Background information
- Born: January 13, 1989 (age 37) Bamenda, Northwest Region, Cameroon
- Origin: Sacramento, California
- Genres: Funk, soul, neo-soul, rhythm and blues, pop
- Occupations: Actress, musician, model, singer-songwriter
- Instruments: Vocals, guitar, piano
- Website: www.andyallo.com

= Andy Allo =

Cameroonian-American actress, musician (born 1989)

Andy Allo (born January 13, 1989) is a Cameroonian-American singer-songwriter, guitarist and actress. She released her first of three albums in 2009, and joined Prince's band, The New Power Generation, in 2011. She had a recurring role in three episodes of the comedy-drama series The Game in 2011, followed by a number of other roles, including a supporting role in the 2017 film Pitch Perfect 3 and the lead role of Nora in Amazon Prime's series Upload (2020). In 2026, she competed as a contestant in season 5 of Next Level Chef as a Social Media Chef on Team Gordon Ramsay.

==Early life and education==
Born in Bamenda, Northwest Region, Cameroon, Allo developed an interest in music at an early age; her mother taught her to play the piano at age seven. She also went to PNEU school Bamenda, Cameroon. She is the youngest of five siblings. Allo holds dual citizenship in the United States and Cameroon and moved with her sister Suzanne to Sacramento in 2000 at the age of eleven, joining three other siblings. Her Californian-born mother, Sue, was forced to move back after suffering chronic fatigue syndrome.
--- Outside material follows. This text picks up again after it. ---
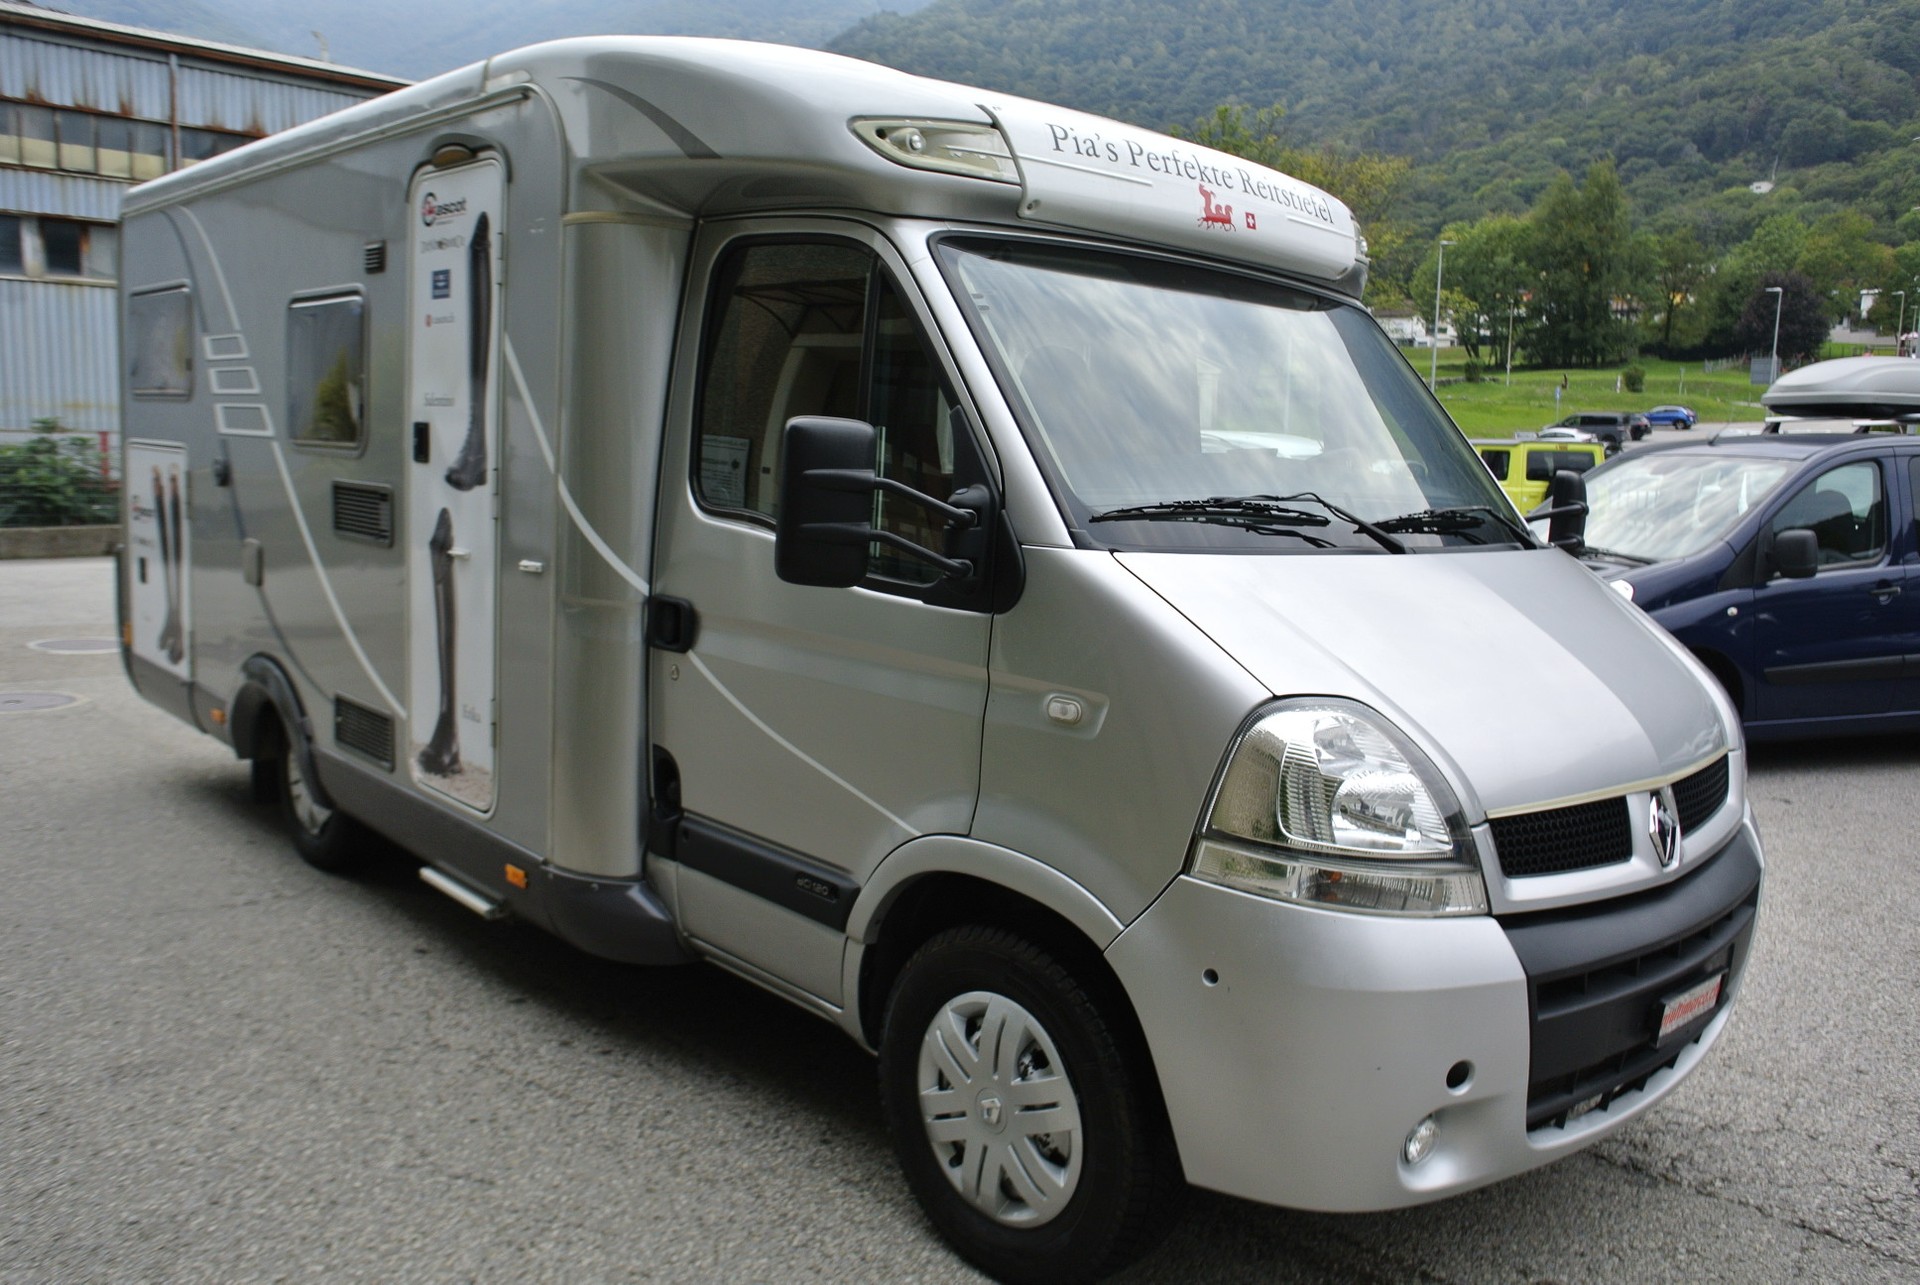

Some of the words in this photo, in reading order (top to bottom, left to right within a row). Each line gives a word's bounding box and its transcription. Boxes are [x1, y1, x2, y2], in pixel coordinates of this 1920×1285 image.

[1046, 122, 1119, 163] Pia's
[1123, 138, 1234, 190] Perfekte
[1235, 167, 1335, 225] Reitstiefel
Her father Andrew Allo (1943–2025) was an ecologist.

Allo's US education began in seventh grade at Arden Middle School in Sacramento, and she graduated in 2006 from El Camino Fundamental High School in Sacramento. Following high school, Allo attended American River College in Sacramento. At that time, Allo formed her own band, Allo and the Traffic Jam, which occasionally performed for tips on the corner of 22nd and J streets in Sacramento.

==Career==
Allo's first solo gig was an open mic night in 2008 at the Fox & Goose Public House in downtown Sacramento. In 2009, she released her first independent album, UnFresh, a collection of 12 original songs. The album's first single, "Dreamland", features the rapper Blu.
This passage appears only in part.